15/09/2025
Chères élues,
Chers élus,
Comment allez-vous ?
Depuis juin 2024, nous vivons tant bien que mal, nous travaillons d’arrache-pied en vous attendant. Nous tentons de vous entendre, sommes parfois pendus à vos lèvres… silencieuses. D’espoirs en soubresauts, nous vous regardons sans savoir très bien où nous situer. Depuis juin 2024, notre vie et notre travail se détachent de votre impuissance.
Nous sommes en juin 2025 et voilà que l’habitude s’est installée. On sent votre impuissance et notre malaise. On ne sait rien ou pas grand-chose.
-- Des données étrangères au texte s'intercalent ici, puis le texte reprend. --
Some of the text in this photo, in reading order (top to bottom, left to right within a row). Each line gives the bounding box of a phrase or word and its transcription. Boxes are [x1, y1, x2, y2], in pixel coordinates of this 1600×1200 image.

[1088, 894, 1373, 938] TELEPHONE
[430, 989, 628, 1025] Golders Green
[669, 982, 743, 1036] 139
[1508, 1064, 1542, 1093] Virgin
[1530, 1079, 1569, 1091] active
On sait juste que personne ne veut prendre ses responsabilités derrière des propos matamoresques et souvent très masculins. On ne sait pas ce qu’il en sera de la continuité de nos trajets de vie et des projets dans lesquels nous nous activons, on ne sait pas si nous pourrons continuer à être soignés, si notre formation sera considérée comme souhaitable et donc finançable, ou si au contraire, elle sera jugée comme un obstacle à notre mise à l’emploi immédiate. On ne sait pas pour le maintien des emplois et l’avenir des travailleuses et des travailleurs. In fine, on ne sait pas quoi pour nous, les gens, pour nous les travailleurs. Serons-nous encore les uns avec les autres dans 6 mois ? Impossible à dire.
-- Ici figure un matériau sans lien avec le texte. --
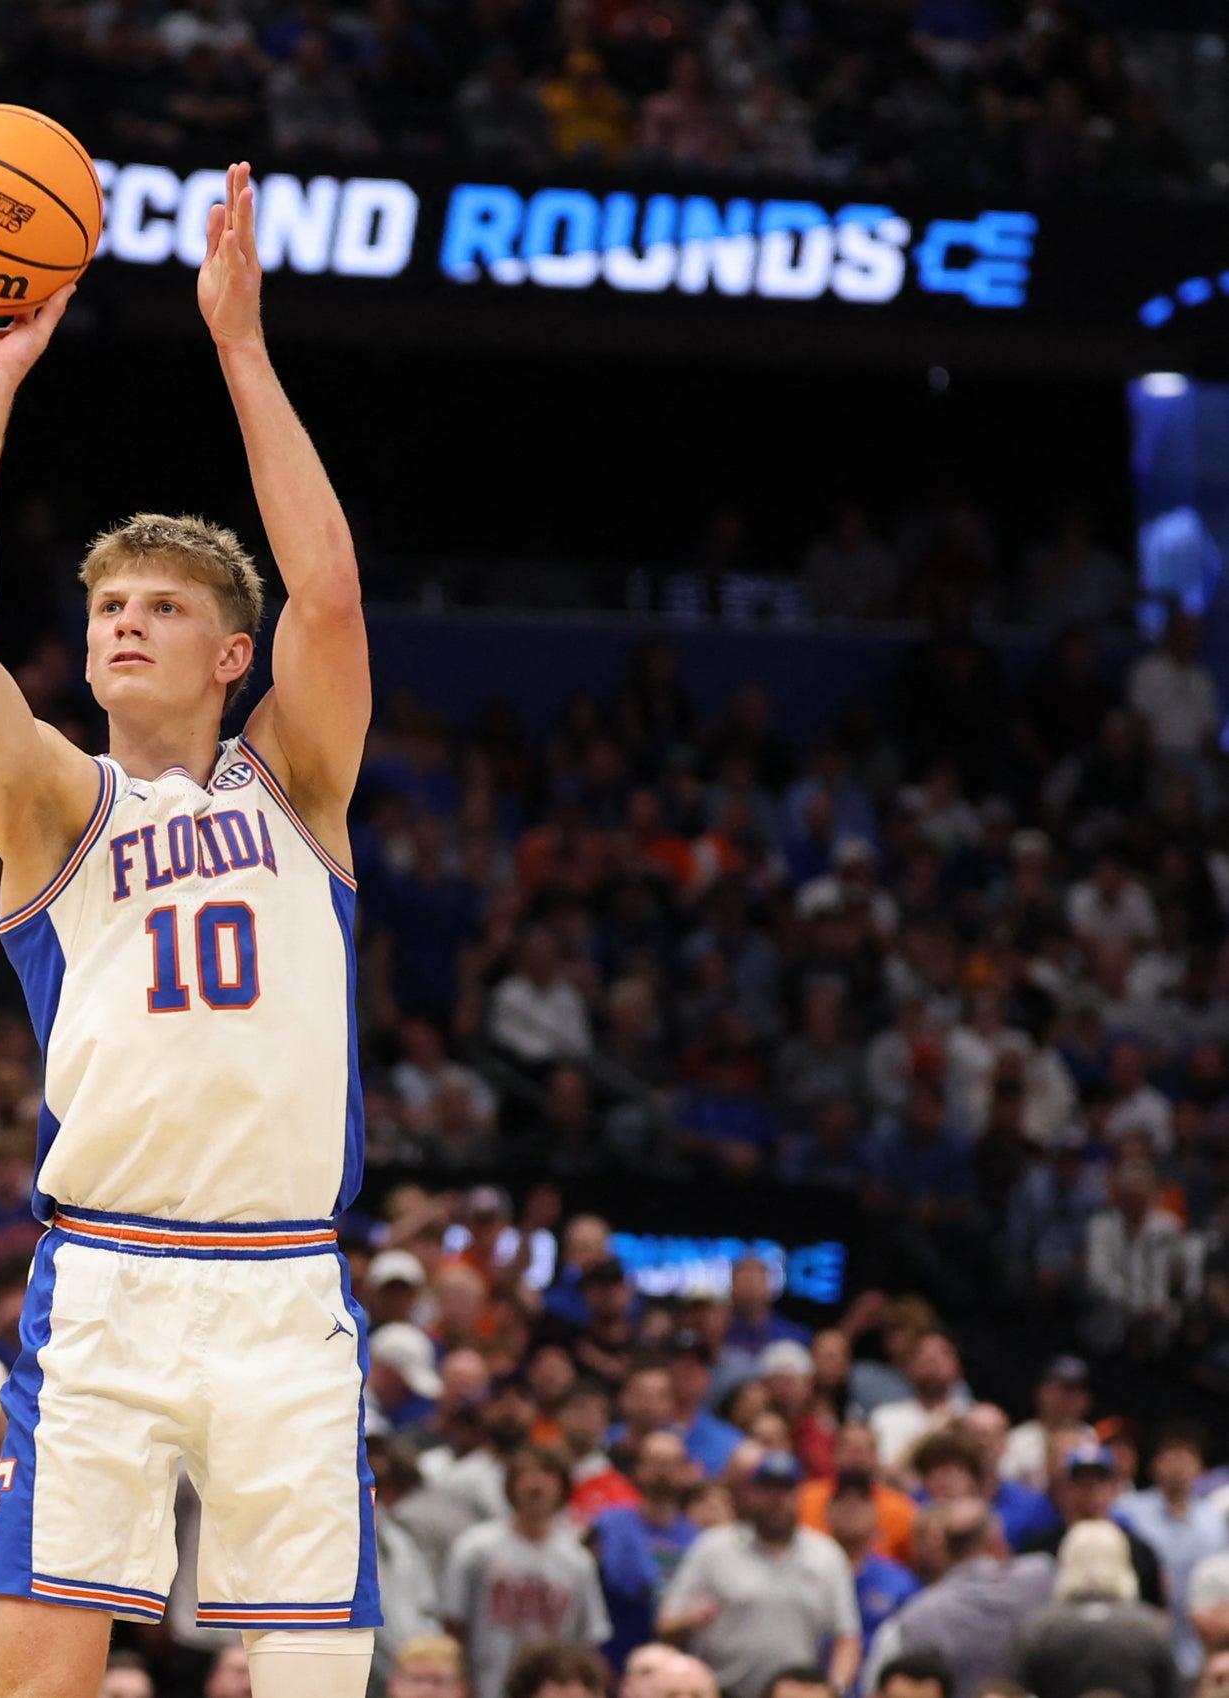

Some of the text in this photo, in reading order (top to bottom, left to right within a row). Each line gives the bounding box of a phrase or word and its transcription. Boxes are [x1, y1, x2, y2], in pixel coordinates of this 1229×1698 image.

A vous entendre, il semblerait que personne n’y peut rien. Alors à force de voir tourner le manège, on attrape le tournis et puis on se détourne. Pas totalement quand même : nous vous avons envoyé moultes cartes blanches, nous nous sommes maintes fois mobilisés, pour alerter et dire que ce n’est pas le moment de fragiliser les secteurs sociaux à Bruxelles, que le sécuritaire ne peut pas avancer seul. Et par-dessus tout, nous poursuivons nos formations, nos trajectoires, nos programmes même dans l’insécurité dans laquelle vous nous plongez. Parfois, vous poussez sur votre petit bouton de vote au parlement : quelques aménagements deviennent possibles afin d’éviter le crash (douzièmes provisoires pour les financements) alors que, quand il s’agit de montrer à vos collègues d’en face que vous en avez sous la pédale, vous êtes capables de textes audacieux qui passent malgré tout au parlement (LEZ, loyers abusifs…). Avec un gouvernement en affaires courantes en voie de zombification. L’essoufflement est proche et les quelques audaces souhaitables risquent bien de se briser sur les blocages institutionnels en cours. Ce qu’on entrevoit, c’est que vous êtes capables d’encore tourner longtemps comme ça. En fait, vous êtes à l’abri. Vous.
Mais petit à petit, à bas bruit comme souvent, les mauvaises nouvelles commencent à tomber. Des dégâts collatéraux du rien qui bouge. Personne n’a eu l’intention de fragiliser mais personne n’a le pouvoir non plus d’intervenir. Personne ne se sent vraiment responsable, personne n’est tout à fait habilité. Un exemple : la limitation dans le temps des allocations de chômage arrive le 1er janvier 2026, dans 8 mois. Mais Bruxelles n’a pas d’interlocuteur pour sauver les 35.000 personnes concernées. Cela ne vous intéresse donc pas ?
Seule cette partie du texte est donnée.